Barbabietola sfiziosa con crostini croccanti al timo

RapaQuesta dose basta per otto coppette (o verrine da finger)

per la mousse:
300 gr. rapa rossa già bollita
125 gr. mascarpone
1 cucchiaio olio EVO
1 cucchiaino di salsa di soia
succo di mezzo limone
un mazzetto di erba cipollina
sale
pepe

per i crostini
pane raffermo casareccio affettato
un mazzetto di timo sfogliato
olio EVO

Schiacciare bene le rape tenendo la loro acqua, e frullarle bene con il mascarpone, in modo da ottenere una crema liscia e leggermente montata, aggiungere l’olio a filo e continuare a frullare. Regolare di sale e di pepe, aggiungere il succo di limone poco alla volta, assaggiando fino a raggiungere l’acidità desiderata. Procedere allo stesso modo con la salsa di soia: potrebbe volercene meno di un cucchiaino. In ultimo, tritare finemente l’erba cipollina, lasciandone qualche filo per la decorazione. Coprire con pellicola e conservare in frigo per una mezz’ora.

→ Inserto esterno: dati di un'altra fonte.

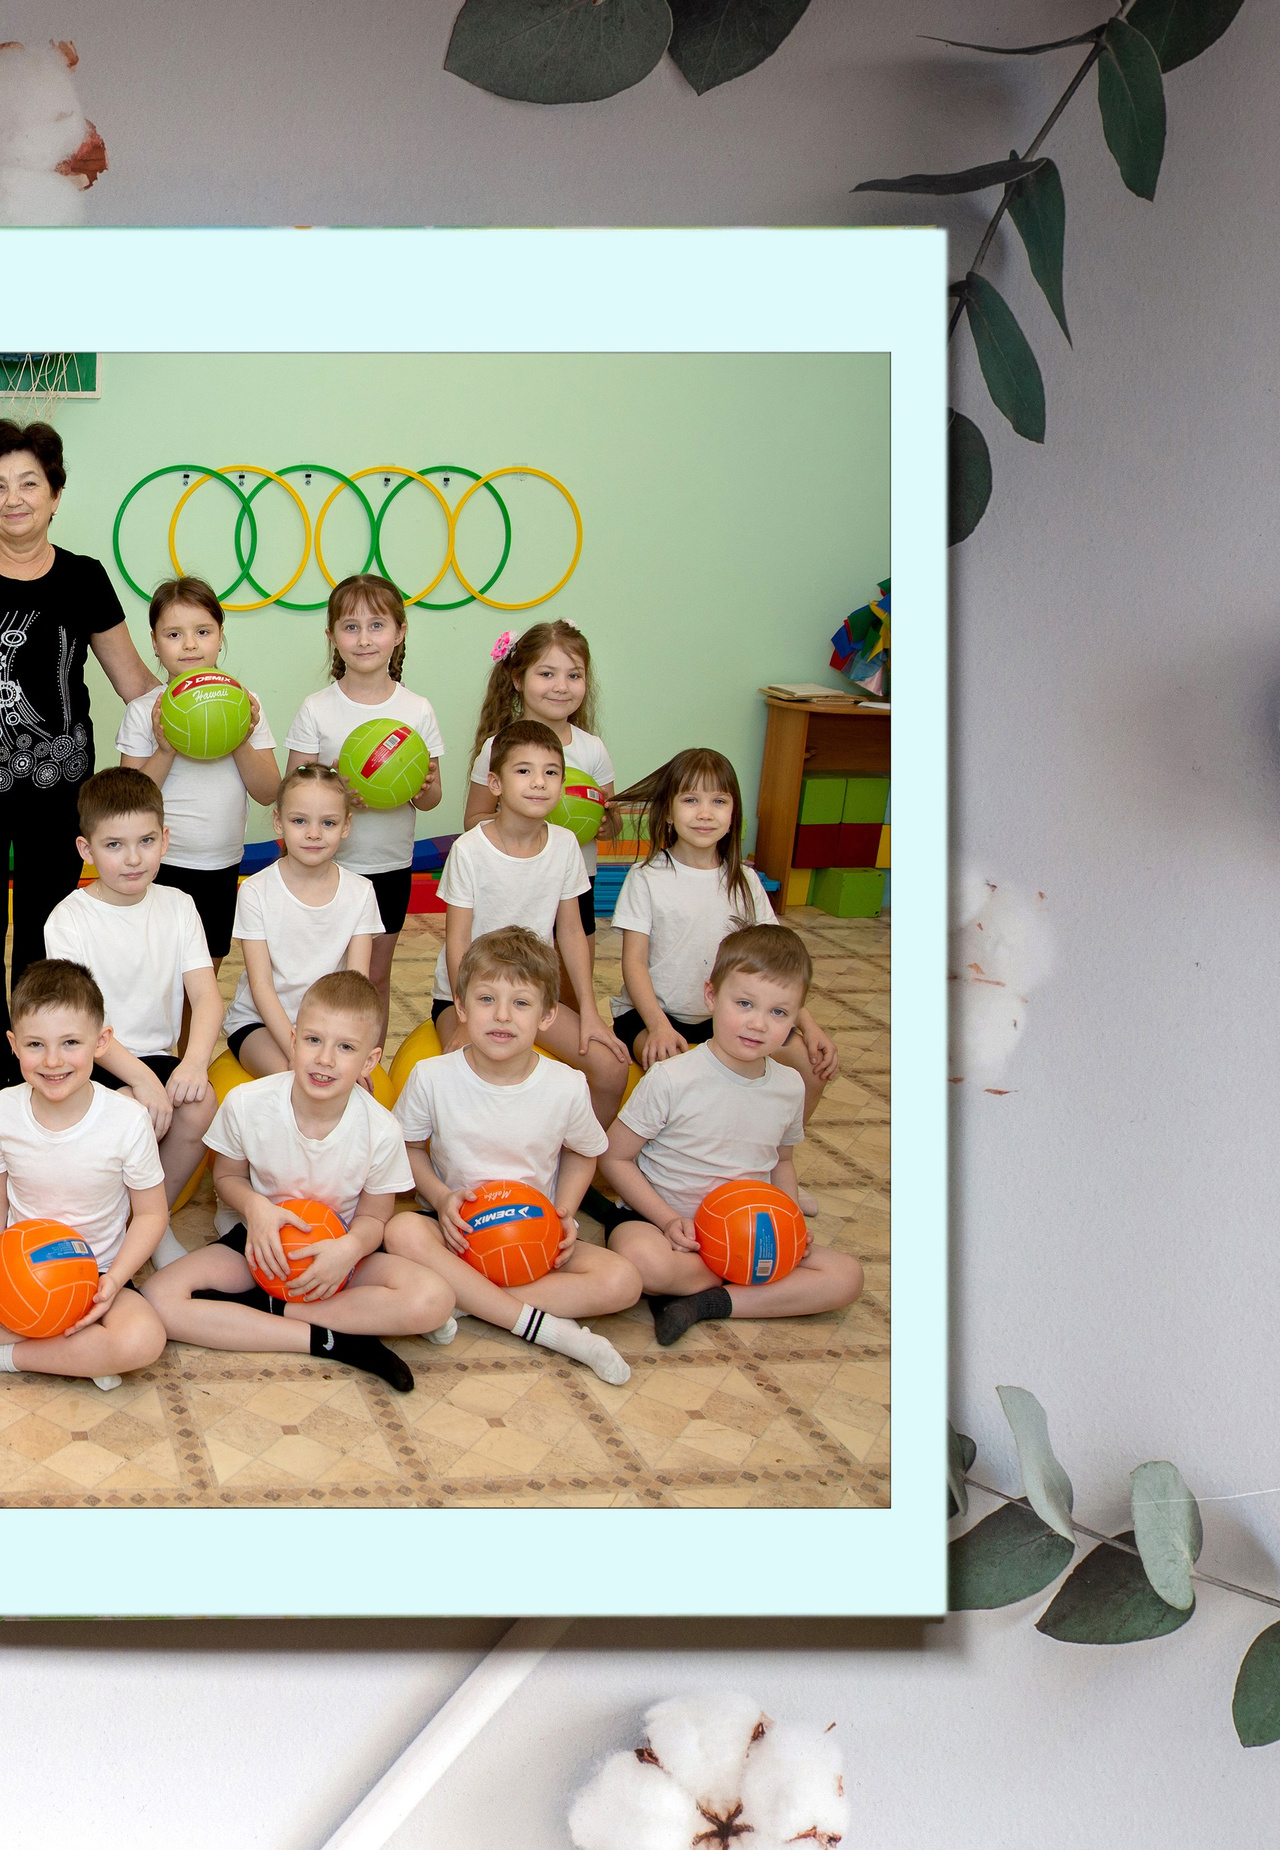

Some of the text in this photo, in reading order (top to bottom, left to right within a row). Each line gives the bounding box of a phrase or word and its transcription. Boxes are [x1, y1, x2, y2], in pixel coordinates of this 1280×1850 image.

Intanto, preparare i crostini togliendo via la crosta dal pane raffermo e tagliando la mollica a dadini. Saltarli in una padella calda, appena sporcata con un filo d’olio e una parte delle foglie di timo. Quando sono dorati ( ma non fritti!) versarli in una ciotola e cospargerli con il timo fresco.

A questo punto, non resta che montare la mousse con i crostini e decorare a piacere con l’erba cipollina. Io ho usato una coppetta perché era l’unica scelta ‘trasparente’ che avevo a disposizione, e visto che il colore qui è un elemento importante vale la pena esaltarlo.

Bisogna servirlo subito, appena montato, perché l’umidità della mousse ‘bagna’ il crostino. Lo scetticismo dei miei ospiti è scomparso alla prima cucchiaiata.